I'm 20 weeks and we're halfway to meeting Izaria!!! I am absolutely stoked. One fear I had before the sonogram was placenta previa. I had never had this before and I think the reason I was worried about it was because I knew having it (and it not correcting itself) could mean the end to the natural water birth I'm envisioning for this baby's birth. Placenta previa is when the placenta completely or partially covers the cervical opening and it can pose risks such as pre-term labor and there is a slight risk to baby because if the placenta detaches early (higher risk of that happening with previa) it could mean baby doesn't get oxygen. Having placenta previa is an immediate ticket to the O.R. for cesarean delivery and I thank God for the technology we have for women who do have placenta previa so their babies are born alive and well! But I must admit my relief for not having a previa.
We found out the placenta was up high and in the front. What I'm loving most this pregnancy so far is how much I can feel her so early on because it isn't immediately in front and center of my belly like with her big sisters. Movements with them were so inconsistent these earlier weeks. I feel Izaria all the time!

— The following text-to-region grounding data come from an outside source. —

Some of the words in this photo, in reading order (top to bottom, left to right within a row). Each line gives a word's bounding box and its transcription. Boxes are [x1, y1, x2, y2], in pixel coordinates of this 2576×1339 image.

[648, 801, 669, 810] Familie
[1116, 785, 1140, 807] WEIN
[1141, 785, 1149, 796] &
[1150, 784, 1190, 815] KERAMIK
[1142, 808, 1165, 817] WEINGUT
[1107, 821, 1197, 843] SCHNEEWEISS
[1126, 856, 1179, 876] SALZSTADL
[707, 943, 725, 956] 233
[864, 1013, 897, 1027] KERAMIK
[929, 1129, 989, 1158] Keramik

Zoë is starting to pat my belly and say "Baby" and she even kisses my belly. I'll ask her where the baby is and she'll pat my belly (or sometimes my breast, ha ha!). I showed the older girls birth videos online as they are interested in being at the birth and I wanted them to be prepared. Well Zoë can't stand to be left out of anything so she toddled over and watched the videos as well. I think that is when she got that babies can be in tummies because before that when I'd try to tell her about the baby it was like the lights weren't on upstairs. It just didn't make sense to her.
But now she's all about the belly. I was trying to get Zoë to say baby sister's name today and it came out "Zah-ruh". She mostly just says the sounds rather than the letters. So darn cute! When she tries to say Izzy it sounds like "Zizzzzzzy" (one long "z" sound with a vowel in there somewhere).

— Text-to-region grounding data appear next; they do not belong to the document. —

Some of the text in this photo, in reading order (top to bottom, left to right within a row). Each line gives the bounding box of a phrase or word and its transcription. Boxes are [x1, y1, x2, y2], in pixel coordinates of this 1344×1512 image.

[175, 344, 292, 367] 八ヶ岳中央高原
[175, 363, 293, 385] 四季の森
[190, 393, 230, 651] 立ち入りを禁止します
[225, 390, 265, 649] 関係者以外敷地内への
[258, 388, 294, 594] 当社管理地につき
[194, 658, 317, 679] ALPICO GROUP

I'm nervous about Zoë's reaction when baby Izzy is actually here though. If her big sisters try to cuddle on my lap Zoë screams at the top of her lungs, starts crying and pushes them away. I've been trying to ignore that behavior and calmly tell her it is Elaina's turn or Abigail's turn to sit with Mommy so she gets used to others having my attention. Plus I want time with my big girls, too!
I have to remind myself that Elaina was the same way (minus older siblings to push out of the way). She was on Momma and with Momma all day and everyday. I remember fretting over how she'd react when Abigail arrived but she did great. I'm praying Zoë is ready!